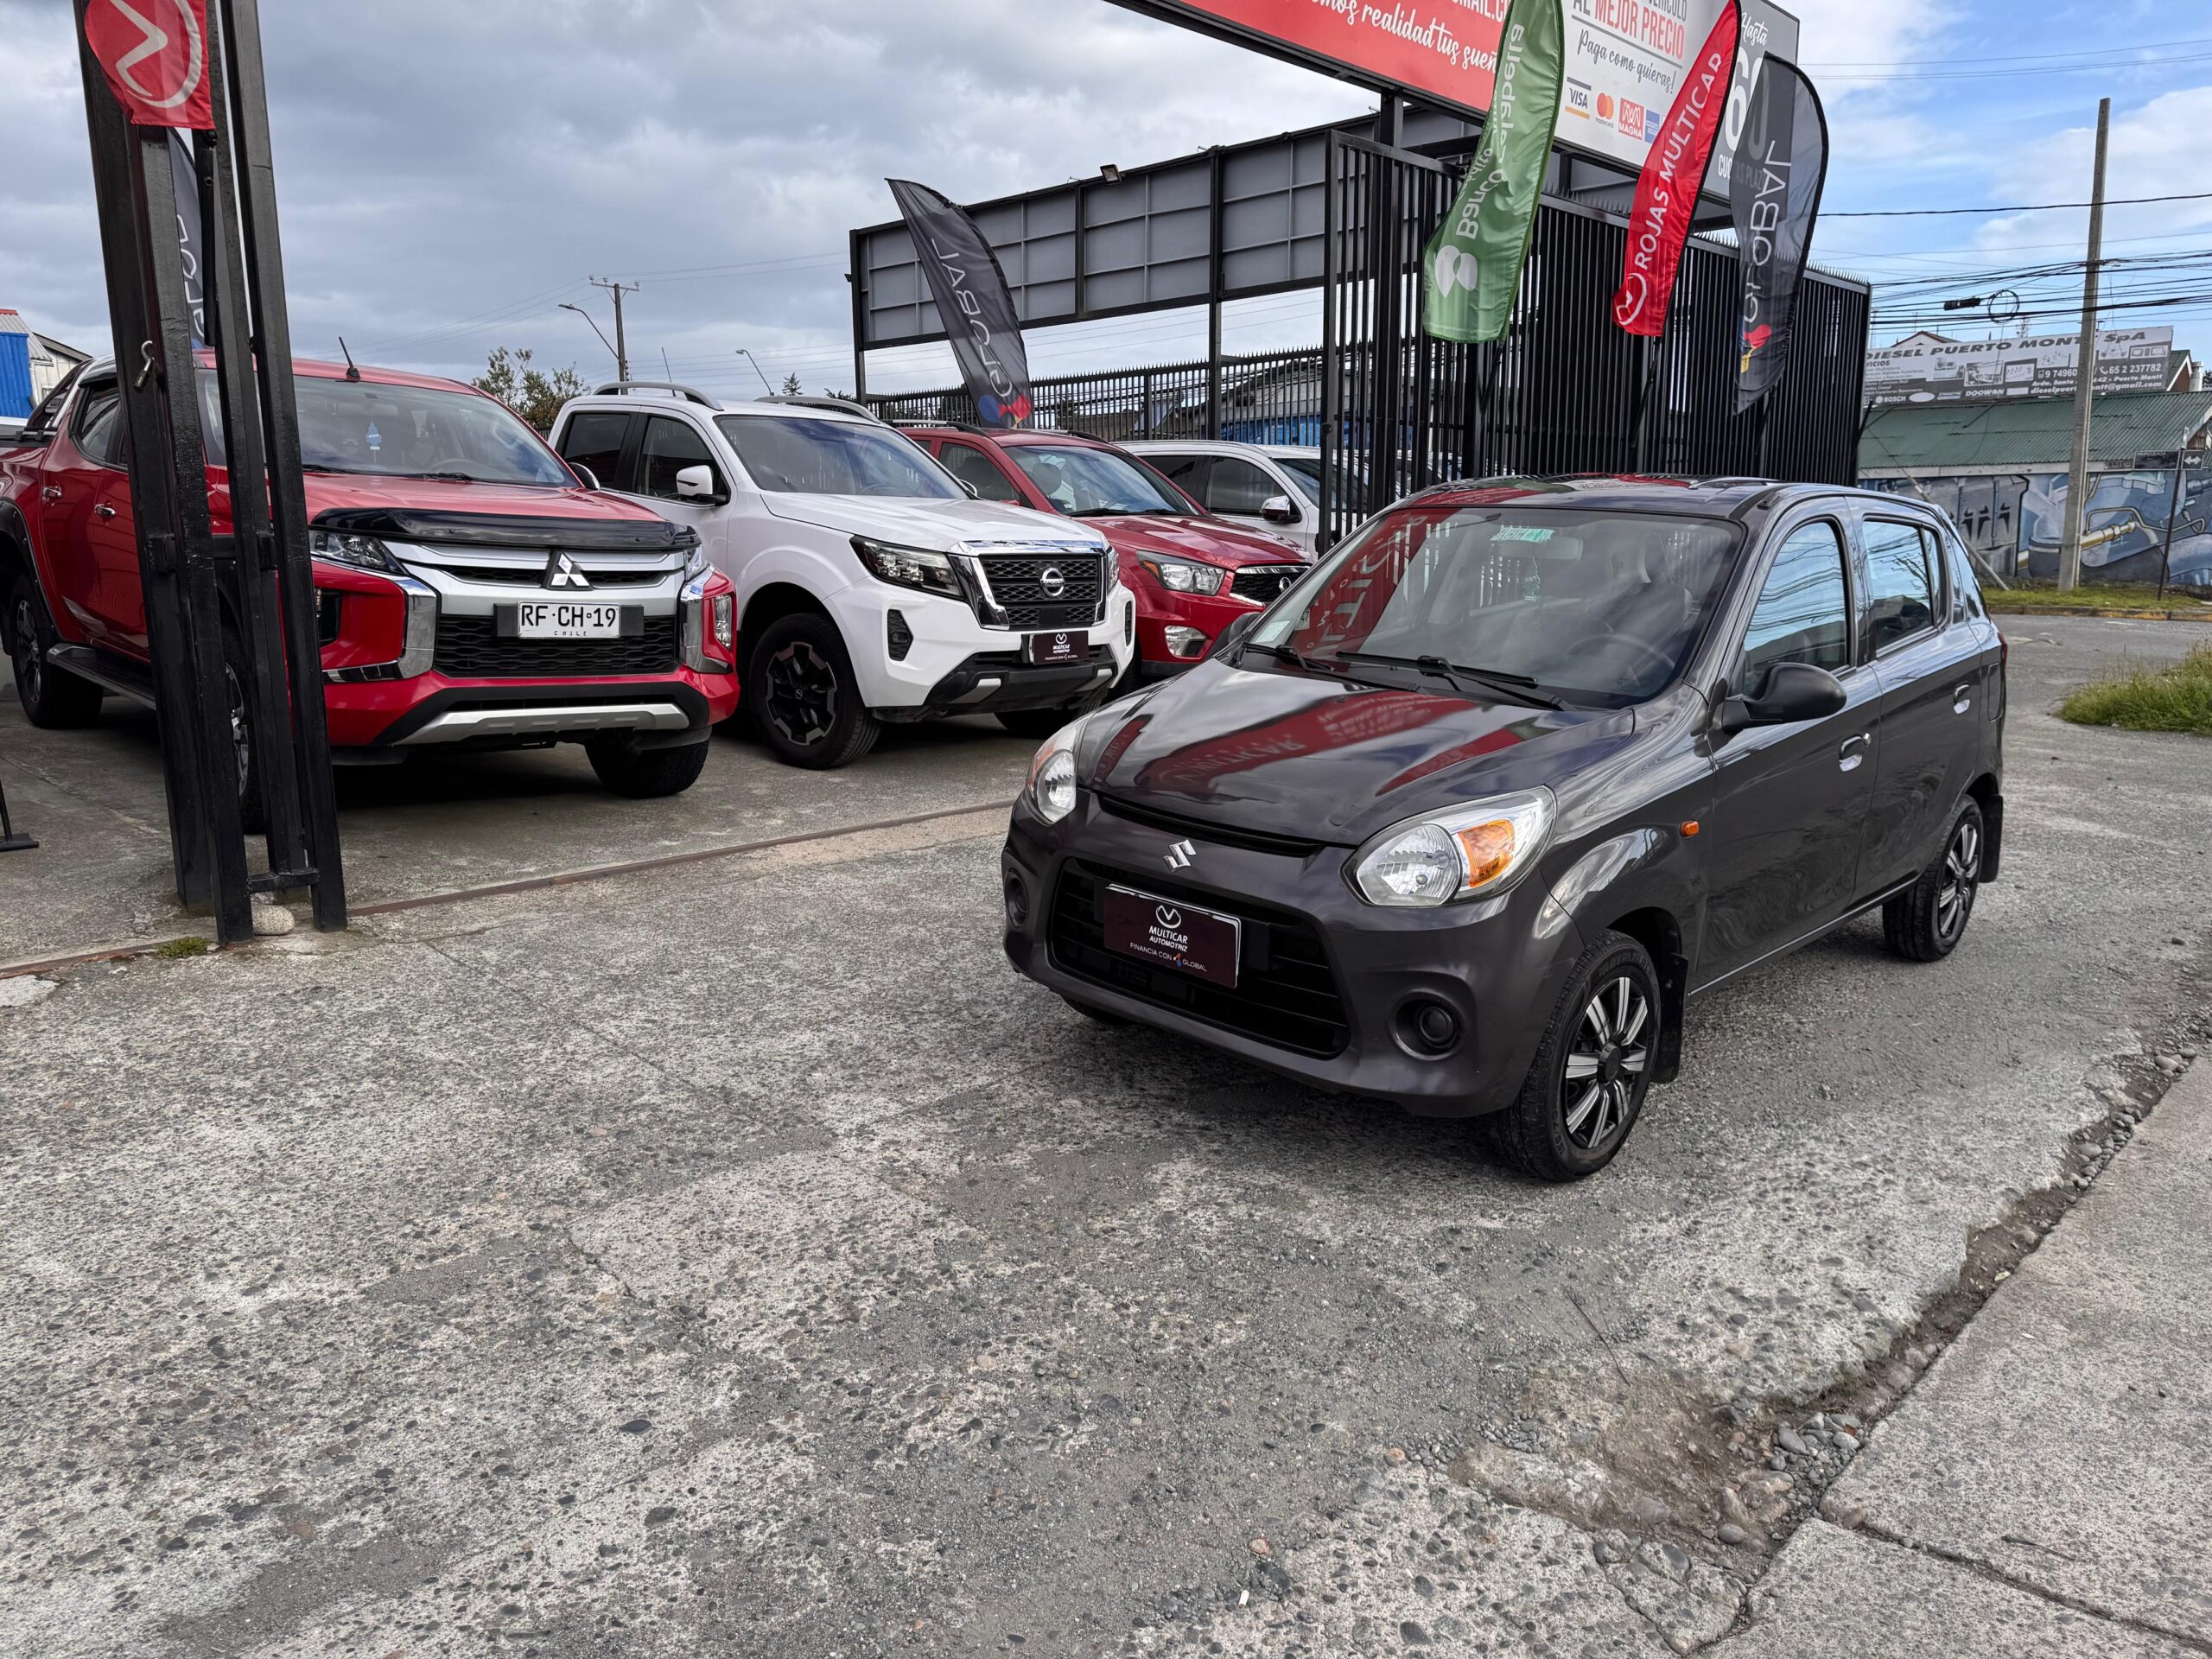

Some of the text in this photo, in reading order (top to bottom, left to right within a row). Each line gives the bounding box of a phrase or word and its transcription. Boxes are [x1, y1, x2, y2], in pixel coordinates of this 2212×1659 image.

[1361, 2, 1436, 48] realidad
[1430, 22, 1461, 66] tus
[1461, 45, 1498, 74] sueñ
[1594, 0, 1638, 38] MEJOR
[1640, 6, 1685, 60] PRECIO
[1741, 12, 1769, 46] Hasta
[1577, 28, 1677, 94] Paga como quieras!
[1568, 87, 1588, 109] VISA
[1618, 121, 1643, 138] MAGNA
[1634, 53, 1722, 270] ROJAS MULTICAR
[1929, 340, 2012, 356] PUERTO
[2018, 335, 2083, 349] MONT
[2104, 331, 2145, 343] SpA
[2052, 368, 2078, 378] 74960
[2108, 365, 2120, 374] 65
[2129, 363, 2162, 373] 237782
[1965, 388, 2005, 397] DOOWAN
[1148, 925, 1188, 944] MULTICAR
[1148, 935, 1188, 952] AUTOMOTRIZ
[1129, 942, 1208, 972] FINANCIA CON GLOBAL
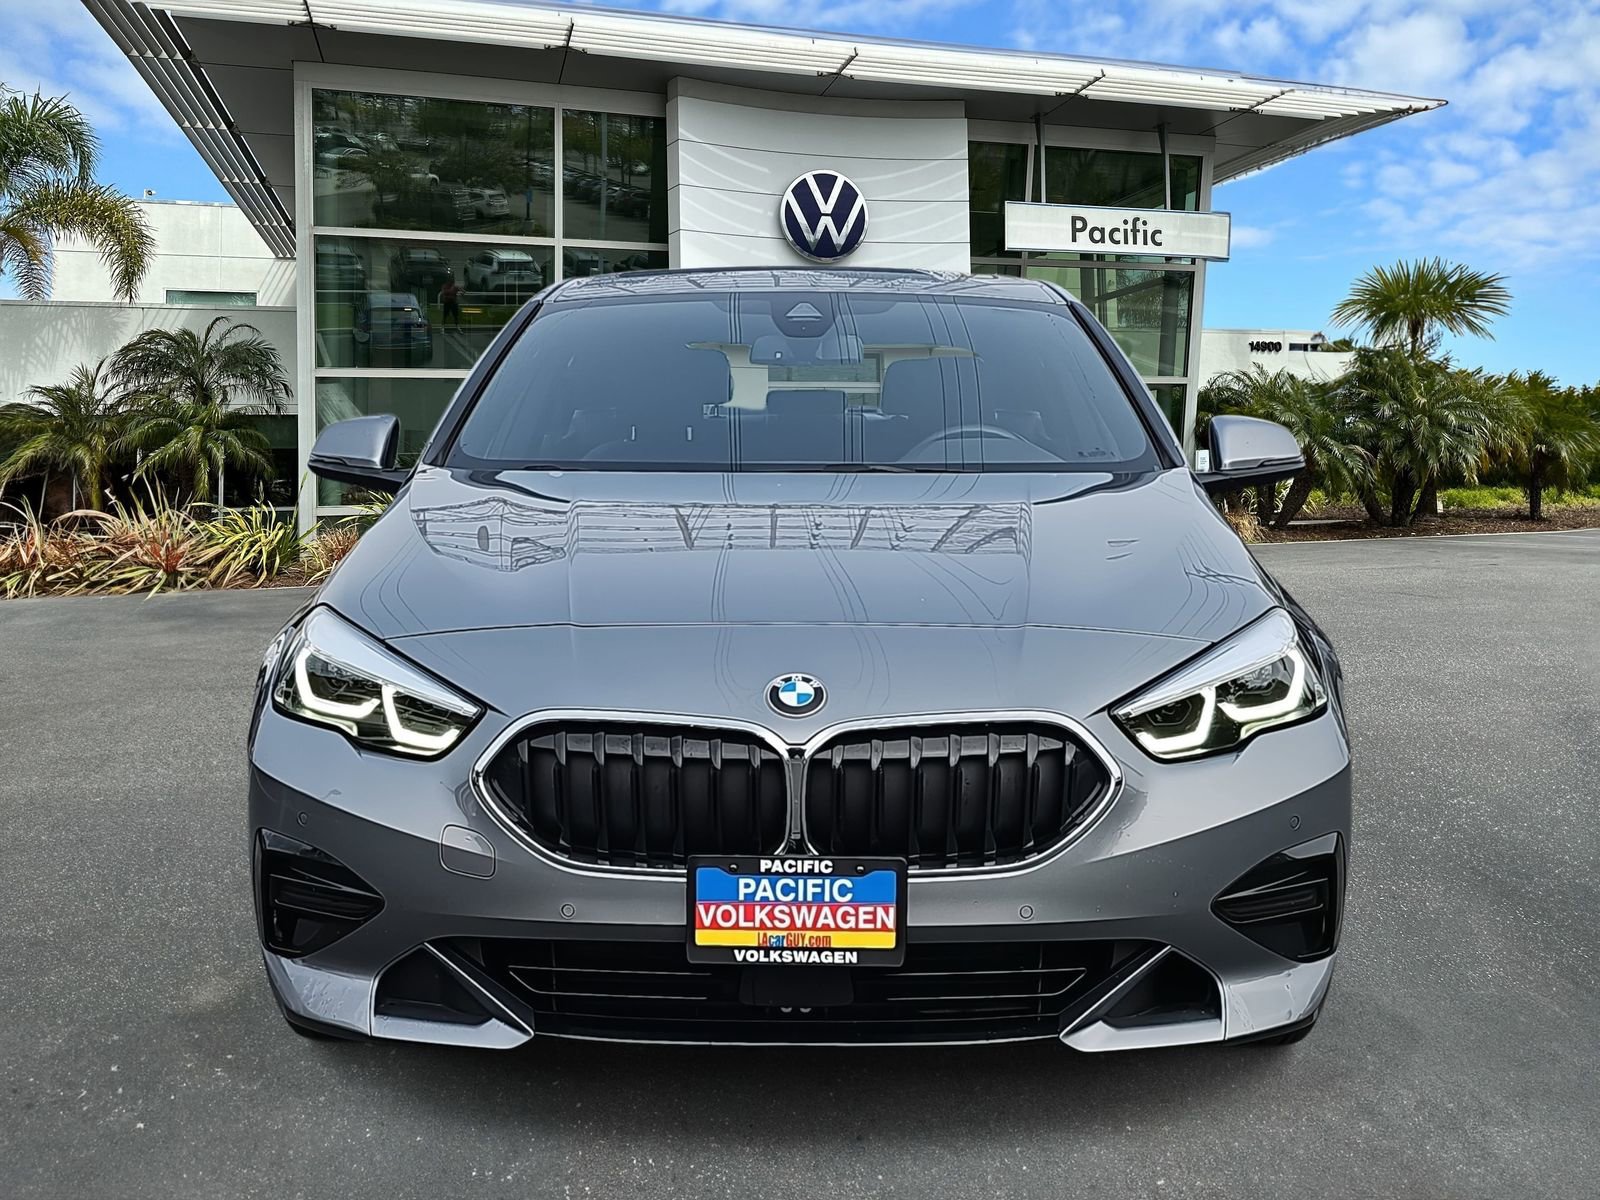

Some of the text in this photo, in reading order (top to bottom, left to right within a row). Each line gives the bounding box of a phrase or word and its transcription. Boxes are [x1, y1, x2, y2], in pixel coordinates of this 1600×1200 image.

[1071, 216, 1163, 246] Pacific
[1248, 341, 1282, 352] 14900
[759, 860, 833, 874] PACIFIC
[738, 878, 853, 902] PACIFIC
[698, 904, 894, 929] VOLKSWAGEN
[733, 950, 858, 964] VOLKSWAGEN
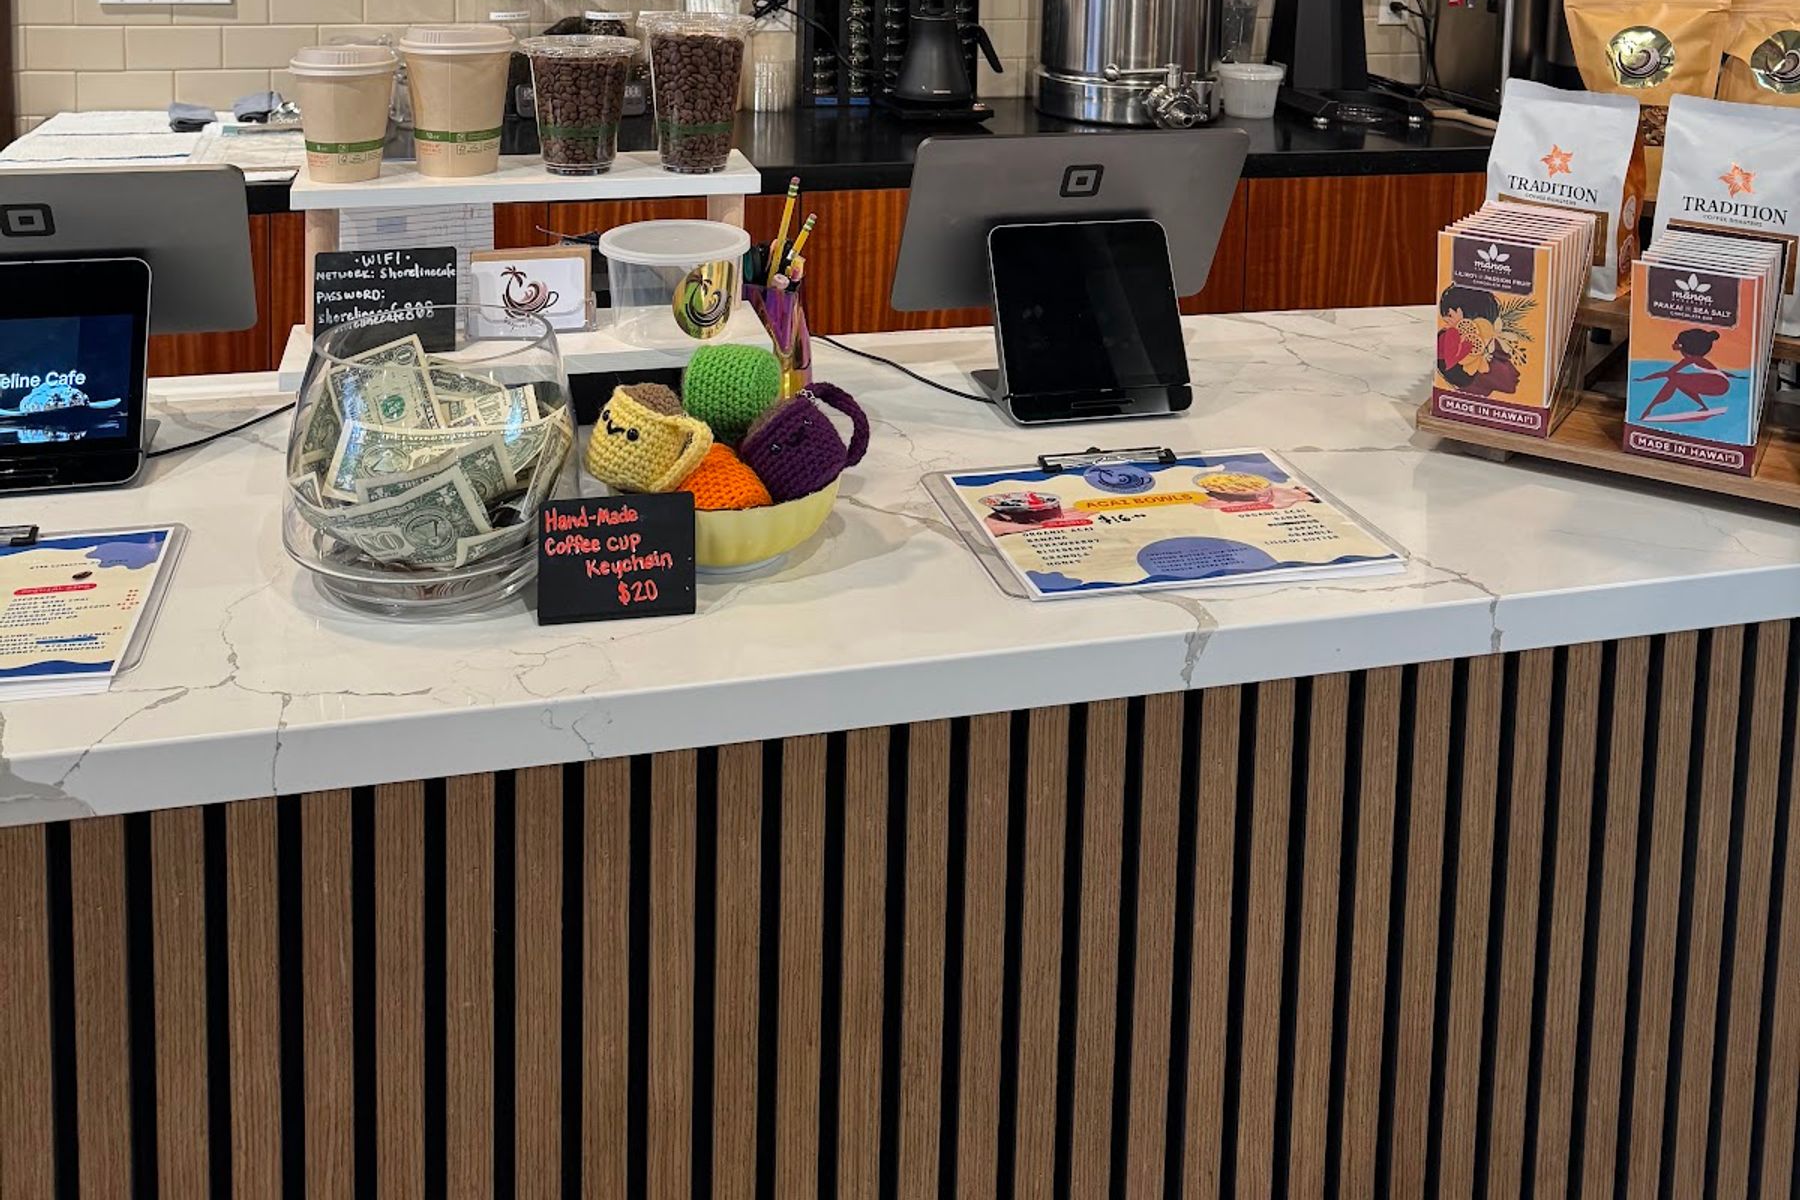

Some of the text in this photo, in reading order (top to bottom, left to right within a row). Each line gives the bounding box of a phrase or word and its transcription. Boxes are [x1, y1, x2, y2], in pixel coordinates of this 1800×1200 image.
= = =
Could you give the material again exactly as it stands, omitting any image?

▶ [Response]:
Some of the text in this photo, in reading order (top to bottom, left to right within a row). Each line gives the bounding box of a phrase or word and its transcription. Boxes are [x1, y1, x2, y2], in pixel coordinates of this 2212×1659 image.

[1361, 2, 1436, 48] realidad
[1430, 22, 1461, 66] tus
[1461, 45, 1498, 74] sueñ
[1594, 0, 1638, 38] MEJOR
[1640, 6, 1685, 60] PRECIO
[1741, 12, 1769, 46] Hasta
[1577, 28, 1677, 94] Paga como quieras!
[1568, 87, 1588, 109] VISA
[1618, 121, 1643, 138] MAGNA
[1634, 53, 1722, 270] ROJAS MULTICAR
[1929, 340, 2012, 356] PUERTO
[2018, 335, 2083, 349] MONT
[2104, 331, 2145, 343] SpA
[2052, 368, 2078, 378] 74960
[2108, 365, 2120, 374] 65
[2129, 363, 2162, 373] 237782
[1965, 388, 2005, 397] DOOWAN
[1148, 925, 1188, 944] MULTICAR
[1148, 935, 1188, 952] AUTOMOTRIZ
[1129, 942, 1208, 972] FINANCIA CON GLOBAL

Some of the text in this photo, in reading order (top to bottom, left to right within a row). Each line gives the bounding box of a phrase or word and its transcription. Boxes are [x1, y1, x2, y2], in pixel coordinates of this 1600×1200 image.

[1071, 216, 1163, 246] Pacific
[1248, 341, 1282, 352] 14900
[759, 860, 833, 874] PACIFIC
[738, 878, 853, 902] PACIFIC
[698, 904, 894, 929] VOLKSWAGEN
[733, 950, 858, 964] VOLKSWAGEN

Some of the text in this photo, in reading order (top to bottom, left to right within a row). Each line gives the bounding box of a phrase or word and its transcription. Boxes are [x1, y1, x2, y2], in pixel coordinates of this 1800×1200 image.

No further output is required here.